*** Opening of Materials provided ***
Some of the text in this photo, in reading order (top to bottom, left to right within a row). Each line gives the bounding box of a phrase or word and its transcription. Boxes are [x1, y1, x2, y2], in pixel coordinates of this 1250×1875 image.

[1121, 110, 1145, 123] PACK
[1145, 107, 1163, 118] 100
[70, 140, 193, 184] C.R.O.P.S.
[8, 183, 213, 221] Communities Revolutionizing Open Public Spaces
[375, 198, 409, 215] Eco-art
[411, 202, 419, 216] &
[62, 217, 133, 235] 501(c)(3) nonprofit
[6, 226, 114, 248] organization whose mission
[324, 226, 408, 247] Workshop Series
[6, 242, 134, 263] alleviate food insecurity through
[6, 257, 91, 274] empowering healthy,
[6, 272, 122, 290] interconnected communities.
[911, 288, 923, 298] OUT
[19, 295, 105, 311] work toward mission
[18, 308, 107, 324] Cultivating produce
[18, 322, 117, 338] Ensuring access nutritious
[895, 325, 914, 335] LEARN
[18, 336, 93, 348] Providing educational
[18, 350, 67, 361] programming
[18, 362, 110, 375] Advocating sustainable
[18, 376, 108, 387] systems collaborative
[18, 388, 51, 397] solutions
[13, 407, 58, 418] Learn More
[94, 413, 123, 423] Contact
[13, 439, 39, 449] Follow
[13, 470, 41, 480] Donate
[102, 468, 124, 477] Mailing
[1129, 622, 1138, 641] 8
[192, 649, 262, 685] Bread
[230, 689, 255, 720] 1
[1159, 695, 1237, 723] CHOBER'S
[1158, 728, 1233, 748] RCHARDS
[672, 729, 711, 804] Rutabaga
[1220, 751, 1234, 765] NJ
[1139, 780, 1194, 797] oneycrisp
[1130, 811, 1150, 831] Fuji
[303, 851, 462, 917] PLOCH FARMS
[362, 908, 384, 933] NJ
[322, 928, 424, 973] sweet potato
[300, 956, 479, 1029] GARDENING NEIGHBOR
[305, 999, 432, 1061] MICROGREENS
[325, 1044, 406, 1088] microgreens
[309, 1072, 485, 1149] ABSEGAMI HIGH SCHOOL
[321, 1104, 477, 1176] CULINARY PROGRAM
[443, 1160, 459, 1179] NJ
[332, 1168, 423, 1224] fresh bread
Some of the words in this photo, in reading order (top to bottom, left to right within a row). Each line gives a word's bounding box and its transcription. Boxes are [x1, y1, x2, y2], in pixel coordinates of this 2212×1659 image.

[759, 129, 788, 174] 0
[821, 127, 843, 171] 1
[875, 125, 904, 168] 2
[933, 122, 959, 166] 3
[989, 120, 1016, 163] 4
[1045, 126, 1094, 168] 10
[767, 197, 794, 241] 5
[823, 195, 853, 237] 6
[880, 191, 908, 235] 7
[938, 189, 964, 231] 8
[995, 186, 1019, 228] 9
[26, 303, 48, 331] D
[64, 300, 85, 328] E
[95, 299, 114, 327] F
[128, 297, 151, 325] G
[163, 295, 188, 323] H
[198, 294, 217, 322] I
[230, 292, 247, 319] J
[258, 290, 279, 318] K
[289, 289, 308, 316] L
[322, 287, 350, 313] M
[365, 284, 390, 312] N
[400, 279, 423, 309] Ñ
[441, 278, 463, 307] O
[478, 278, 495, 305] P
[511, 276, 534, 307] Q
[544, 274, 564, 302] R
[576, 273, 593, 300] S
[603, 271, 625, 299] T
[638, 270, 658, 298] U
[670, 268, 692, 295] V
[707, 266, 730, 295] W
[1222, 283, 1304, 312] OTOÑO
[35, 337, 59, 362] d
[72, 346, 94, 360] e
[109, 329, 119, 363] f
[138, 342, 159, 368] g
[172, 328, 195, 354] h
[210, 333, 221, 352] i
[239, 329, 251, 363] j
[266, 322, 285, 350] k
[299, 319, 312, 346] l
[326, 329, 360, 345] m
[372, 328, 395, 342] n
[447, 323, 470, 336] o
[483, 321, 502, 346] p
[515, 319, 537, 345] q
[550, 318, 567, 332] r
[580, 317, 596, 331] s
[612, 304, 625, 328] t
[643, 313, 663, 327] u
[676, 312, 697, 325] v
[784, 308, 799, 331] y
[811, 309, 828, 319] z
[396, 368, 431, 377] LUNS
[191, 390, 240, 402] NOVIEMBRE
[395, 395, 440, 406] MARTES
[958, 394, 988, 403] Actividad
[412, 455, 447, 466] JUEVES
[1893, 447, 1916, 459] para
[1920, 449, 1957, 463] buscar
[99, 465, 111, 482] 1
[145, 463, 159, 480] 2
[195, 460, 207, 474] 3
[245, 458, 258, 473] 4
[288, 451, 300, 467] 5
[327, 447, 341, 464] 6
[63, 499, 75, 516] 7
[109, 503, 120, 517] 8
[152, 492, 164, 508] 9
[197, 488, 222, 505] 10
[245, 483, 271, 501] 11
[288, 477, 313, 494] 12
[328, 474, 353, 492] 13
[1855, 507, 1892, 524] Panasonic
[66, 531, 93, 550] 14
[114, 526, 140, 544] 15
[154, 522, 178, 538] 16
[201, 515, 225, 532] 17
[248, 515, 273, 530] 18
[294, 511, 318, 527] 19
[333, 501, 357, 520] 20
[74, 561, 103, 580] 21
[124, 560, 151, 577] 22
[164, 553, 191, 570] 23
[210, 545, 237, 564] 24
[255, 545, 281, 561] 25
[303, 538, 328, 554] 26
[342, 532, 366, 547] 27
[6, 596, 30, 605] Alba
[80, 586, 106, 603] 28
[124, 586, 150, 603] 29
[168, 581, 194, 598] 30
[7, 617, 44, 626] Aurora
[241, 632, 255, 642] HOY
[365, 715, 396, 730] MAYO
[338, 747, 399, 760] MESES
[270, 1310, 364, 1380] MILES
*** Close of Materials provided ***
All the entries above need to be reproduced exactly.

• **Solution for this exercise**:
Some of the text in this photo, in reading order (top to bottom, left to right within a row). Each line gives the bounding box of a phrase or word and its transcription. Boxes are [x1, y1, x2, y2], in pixel coordinates of this 1250×1875 image.

[1121, 110, 1145, 123] PACK
[1145, 107, 1163, 118] 100
[70, 140, 193, 184] C.R.O.P.S.
[8, 183, 213, 221] Communities Revolutionizing Open Public Spaces
[375, 198, 409, 215] Eco-art
[411, 202, 419, 216] &
[62, 217, 133, 235] 501(c)(3) nonprofit
[6, 226, 114, 248] organization whose mission
[324, 226, 408, 247] Workshop Series
[6, 242, 134, 263] alleviate food insecurity through
[6, 257, 91, 274] empowering healthy,
[6, 272, 122, 290] interconnected communities.
[911, 288, 923, 298] OUT
[19, 295, 105, 311] work toward mission
[18, 308, 107, 324] Cultivating produce
[18, 322, 117, 338] Ensuring access nutritious
[895, 325, 914, 335] LEARN
[18, 336, 93, 348] Providing educational
[18, 350, 67, 361] programming
[18, 362, 110, 375] Advocating sustainable
[18, 376, 108, 387] systems collaborative
[18, 388, 51, 397] solutions
[13, 407, 58, 418] Learn More
[94, 413, 123, 423] Contact
[13, 439, 39, 449] Follow
[13, 470, 41, 480] Donate
[102, 468, 124, 477] Mailing
[1129, 622, 1138, 641] 8
[192, 649, 262, 685] Bread
[230, 689, 255, 720] 1
[1159, 695, 1237, 723] CHOBER'S
[1158, 728, 1233, 748] RCHARDS
[672, 729, 711, 804] Rutabaga
[1220, 751, 1234, 765] NJ
[1139, 780, 1194, 797] oneycrisp
[1130, 811, 1150, 831] Fuji
[303, 851, 462, 917] PLOCH FARMS
[362, 908, 384, 933] NJ
[322, 928, 424, 973] sweet potato
[300, 956, 479, 1029] GARDENING NEIGHBOR
[305, 999, 432, 1061] MICROGREENS
[325, 1044, 406, 1088] microgreens
[309, 1072, 485, 1149] ABSEGAMI HIGH SCHOOL
[321, 1104, 477, 1176] CULINARY PROGRAM
[443, 1160, 459, 1179] NJ
[332, 1168, 423, 1224] fresh bread
Some of the words in this photo, in reading order (top to bottom, left to right within a row). Each line gives a word's bounding box and its transcription. Boxes are [x1, y1, x2, y2], in pixel coordinates of this 2212×1659 image.

[759, 129, 788, 174] 0
[821, 127, 843, 171] 1
[875, 125, 904, 168] 2
[933, 122, 959, 166] 3
[989, 120, 1016, 163] 4
[1045, 126, 1094, 168] 10
[767, 197, 794, 241] 5
[823, 195, 853, 237] 6
[880, 191, 908, 235] 7
[938, 189, 964, 231] 8
[995, 186, 1019, 228] 9
[26, 303, 48, 331] D
[64, 300, 85, 328] E
[95, 299, 114, 327] F
[128, 297, 151, 325] G
[163, 295, 188, 323] H
[198, 294, 217, 322] I
[230, 292, 247, 319] J
[258, 290, 279, 318] K
[289, 289, 308, 316] L
[322, 287, 350, 313] M
[365, 284, 390, 312] N
[400, 279, 423, 309] Ñ
[441, 278, 463, 307] O
[478, 278, 495, 305] P
[511, 276, 534, 307] Q
[544, 274, 564, 302] R
[576, 273, 593, 300] S
[603, 271, 625, 299] T
[638, 270, 658, 298] U
[670, 268, 692, 295] V
[707, 266, 730, 295] W
[1222, 283, 1304, 312] OTOÑO
[35, 337, 59, 362] d
[72, 346, 94, 360] e
[109, 329, 119, 363] f
[138, 342, 159, 368] g
[172, 328, 195, 354] h
[210, 333, 221, 352] i
[239, 329, 251, 363] j
[266, 322, 285, 350] k
[299, 319, 312, 346] l
[326, 329, 360, 345] m
[372, 328, 395, 342] n
[447, 323, 470, 336] o
[483, 321, 502, 346] p
[515, 319, 537, 345] q
[550, 318, 567, 332] r
[580, 317, 596, 331] s
[612, 304, 625, 328] t
[643, 313, 663, 327] u
[676, 312, 697, 325] v
[784, 308, 799, 331] y
[811, 309, 828, 319] z
[396, 368, 431, 377] LUNS
[191, 390, 240, 402] NOVIEMBRE
[395, 395, 440, 406] MARTES
[958, 394, 988, 403] Actividad
[412, 455, 447, 466] JUEVES
[1893, 447, 1916, 459] para
[1920, 449, 1957, 463] buscar
[99, 465, 111, 482] 1
[145, 463, 159, 480] 2
[195, 460, 207, 474] 3
[245, 458, 258, 473] 4
[288, 451, 300, 467] 5
[327, 447, 341, 464] 6
[63, 499, 75, 516] 7
[109, 503, 120, 517] 8
[152, 492, 164, 508] 9
[197, 488, 222, 505] 10
[245, 483, 271, 501] 11
[288, 477, 313, 494] 12
[328, 474, 353, 492] 13
[1855, 507, 1892, 524] Panasonic
[66, 531, 93, 550] 14
[114, 526, 140, 544] 15
[154, 522, 178, 538] 16
[201, 515, 225, 532] 17
[248, 515, 273, 530] 18
[294, 511, 318, 527] 19
[333, 501, 357, 520] 20
[74, 561, 103, 580] 21
[124, 560, 151, 577] 22
[164, 553, 191, 570] 23
[210, 545, 237, 564] 24
[255, 545, 281, 561] 25
[303, 538, 328, 554] 26
[342, 532, 366, 547] 27
[6, 596, 30, 605] Alba
[80, 586, 106, 603] 28
[124, 586, 150, 603] 29
[168, 581, 194, 598] 30
[7, 617, 44, 626] Aurora
[241, 632, 255, 642] HOY
[365, 715, 396, 730] MAYO
[338, 747, 399, 760] MESES
[270, 1310, 364, 1380] MILES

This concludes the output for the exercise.